Vor einem Jahr in Erfurt hatte es eine peinliche Debatte um die Stasi-Zuträgertätigkeit von Erich Köhler (IM "Heinrich") gegeben, der sich in einer von vielen als gespenstisch empfundenen Rede auch noch zu seiner unrühmlichen Rolle bekannt hatte, außerdem hatte es einen kleinen Eklat gegeben, weil kaum neue Mitglieder hinzu gewählt wurden und die wünschenswerte Verjüngung des P.E.N. ausblieb. Man hatte schon befürchtet, dass sich dieselbe Prozedur dieses Jahr wiederholen würde.
Aber dann traf in den Minuten vor Beginn der Tagung die Nachricht ein, dass die Vizepräsidentin des P.E.N., Elsbeth Wolffheim, zuständig für die Arbeit bei "Writers in Prison", in der Nacht in ihrem Hotelzimmer verstorben war. Da zudem die Tagung traditionell mit der Ehrung der verstorbenen Mitglieder beginnt - und diesem Jahr war dieser Teil besonders lang, besonders prominent (Brasch, Schleef, Heym ...) -, lag ein schwerer Schatten über der ganzen Veranstaltung. Schock und Tränen bewirkten, dass der P.E.N. plötzlich als ein menschlicher Zusammenhalt erlebbar wurde, als eine Solidargemeinschaft, und das hat alle weiteren Diskussionen vereinfacht, beruhigt, konzentrierter gemacht. Die Vorstandswahlen, die Zuwahlen von 30 neuen Mitgliedern und selbst der Ausschluss von Erich Köhler aus dem P.E.N. (wegen Verstoßes gegen die P.E.N.-Charta), der nach Vereinsrecht vollzogen werden musste, weil der Betroffene auch durch gutes Zureden nicht zum freiwilligen Austritt bewegt werden konnte - alles lief wohltuend pragmatisch und effizient ab.
Der neue Präsident und sein neuer Generalsekretär, der Autor und Kritiker Wilfried F. Schoeller, wurden mit einer nicht ganz üppigen Zweidrittelmehrheit der Anwesenden gewählt, die anderen Vorstandsmitglieder mit über 90 Prozent; die Stelle von Elsbeth Wolffheim nimmt nunmehr Karin Clark ein, die auch bisher schon mit der Arbeit für inhaftierte Autoren in der Welt befasst war.
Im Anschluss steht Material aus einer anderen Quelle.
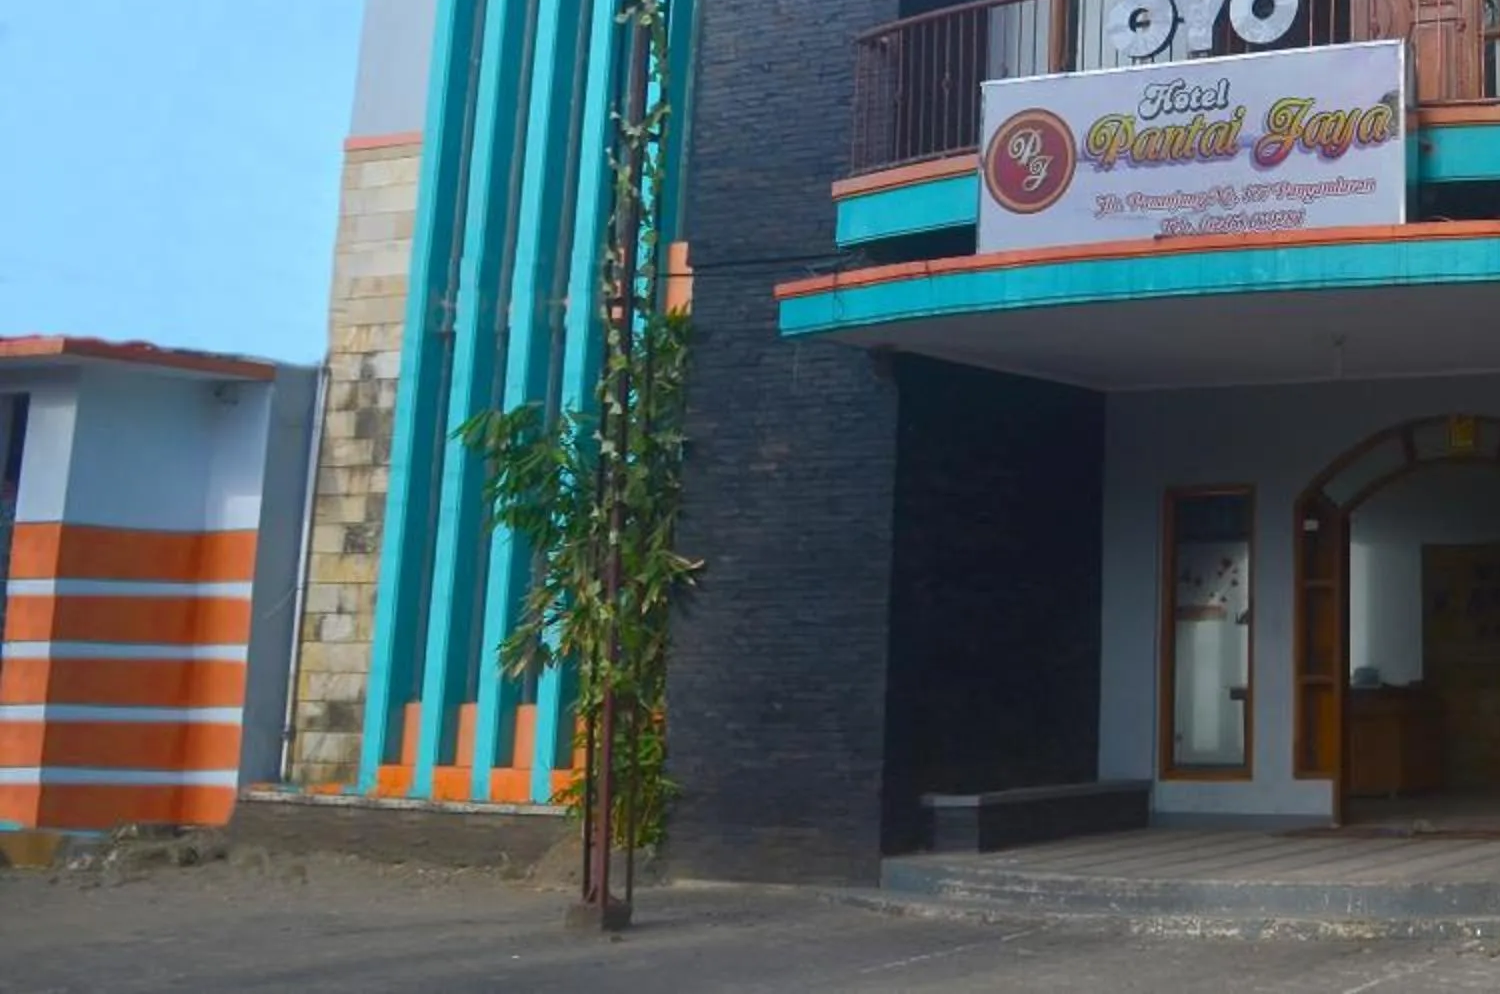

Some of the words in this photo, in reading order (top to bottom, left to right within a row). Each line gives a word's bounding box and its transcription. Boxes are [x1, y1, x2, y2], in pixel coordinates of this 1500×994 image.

Bleibt zu hoffen, dass ein verjüngter und von den Schatten der jüngsten deutschen Geschichte befreiter P.E.N., nunmehr die einzige Vertretung deutscher Autoren, da der Exil-P.E.N. London nicht mehr besteht, nächstes Jahr in Schwerin sich den Problemen der Gegenwart zuwenden kann, der gesellschaftlichen Rolle und der sozialen Lage von Autoren in einer Zeit industrieller Phantasieproduktion und der Vermarktung nach den Gesetzen der Popkultur. In den begleitenden Diskussionsveranstaltungen waren dazu schon hoffnungsvolle Ansätze zu erkennen.